--- START ---
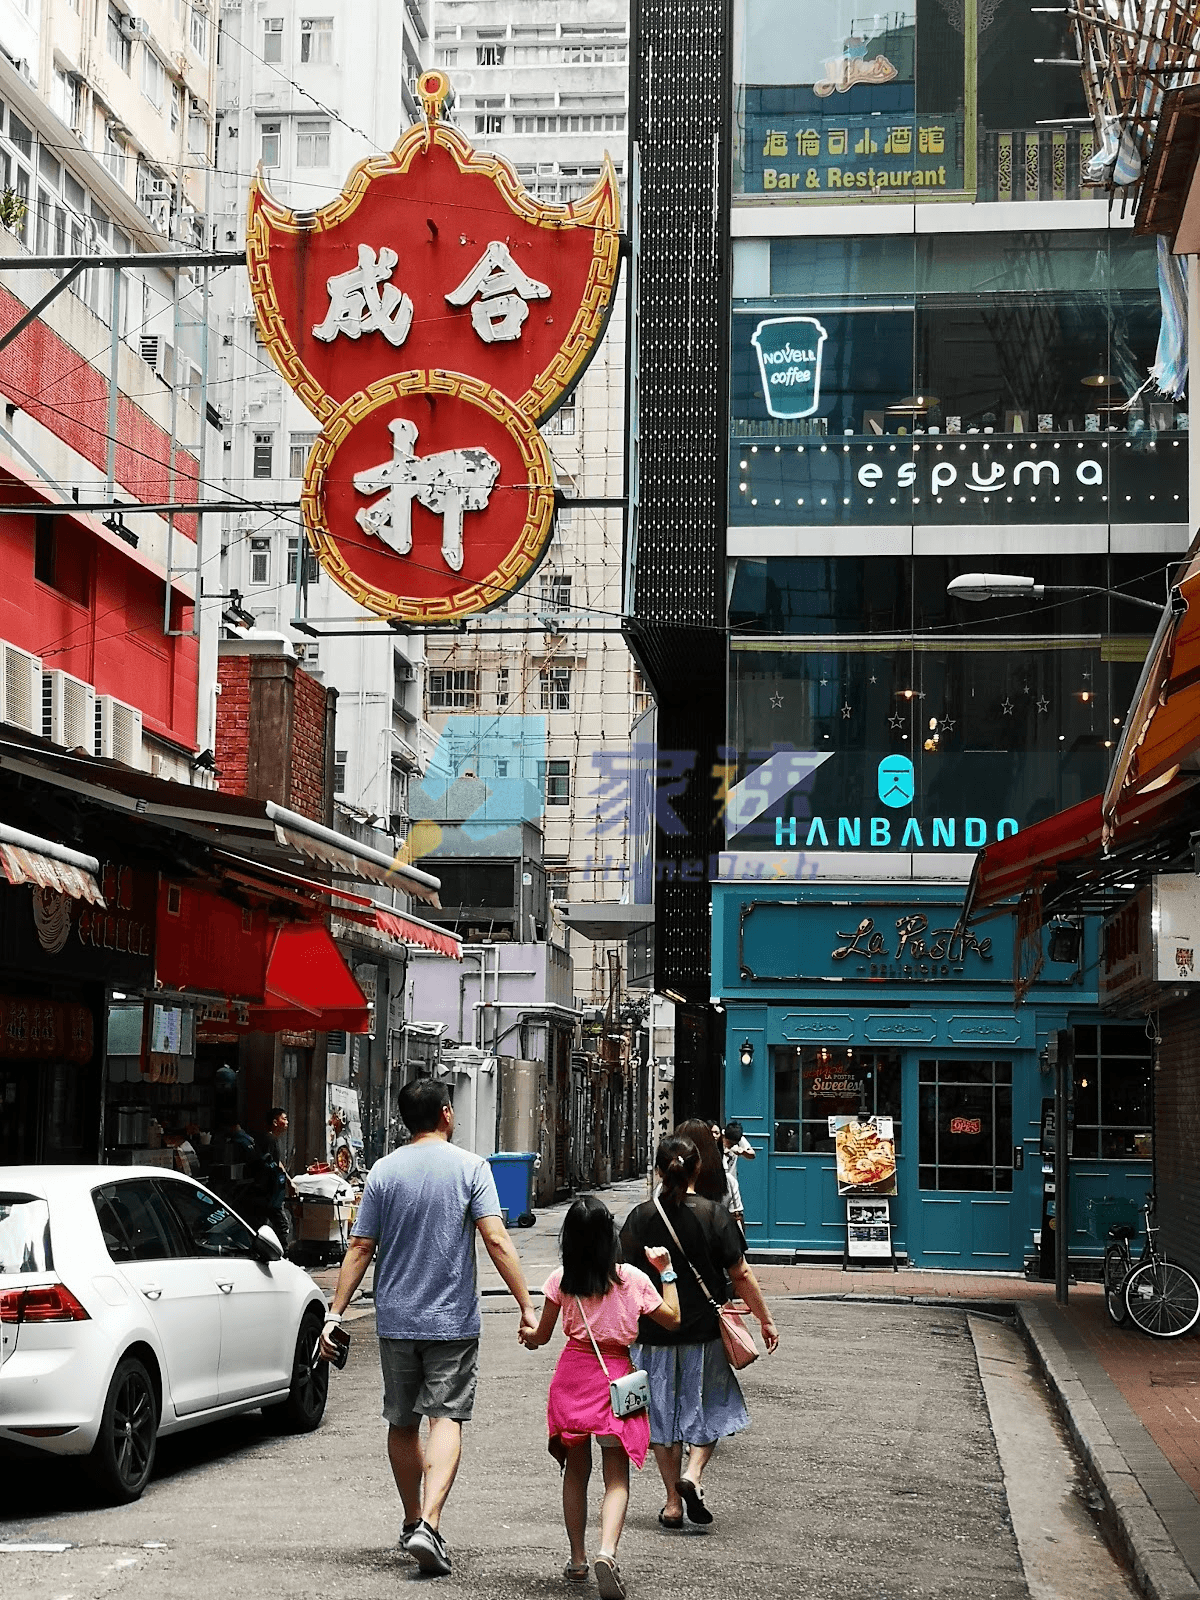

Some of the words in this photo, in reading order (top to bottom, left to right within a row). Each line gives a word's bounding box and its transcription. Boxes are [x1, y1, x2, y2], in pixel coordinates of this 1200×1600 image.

[762, 125, 946, 156] 海倫司小酒館
[763, 168, 800, 189] Bar
[805, 168, 821, 188] &
[827, 166, 946, 188] Restaurant
[770, 366, 811, 386] coffee
[858, 459, 1103, 496] espuma
[353, 418, 500, 572] 押
[775, 816, 1019, 847] HANBANDO
[831, 917, 889, 960] La
--- END ---
Would you set down the listing exactly, omitting pictures?

Some of the words in this photo, in reading order (top to bottom, left to right within a row). Each line gives a word's bounding box and its transcription. Boxes are [x1, y1, x2, y2], in pixel coordinates of this 1200×1600 image.

[762, 125, 946, 156] 海倫司小酒館
[763, 168, 800, 189] Bar
[805, 168, 821, 188] &
[827, 166, 946, 188] Restaurant
[770, 366, 811, 386] coffee
[858, 459, 1103, 496] espuma
[353, 418, 500, 572] 押
[775, 816, 1019, 847] HANBANDO
[831, 917, 889, 960] La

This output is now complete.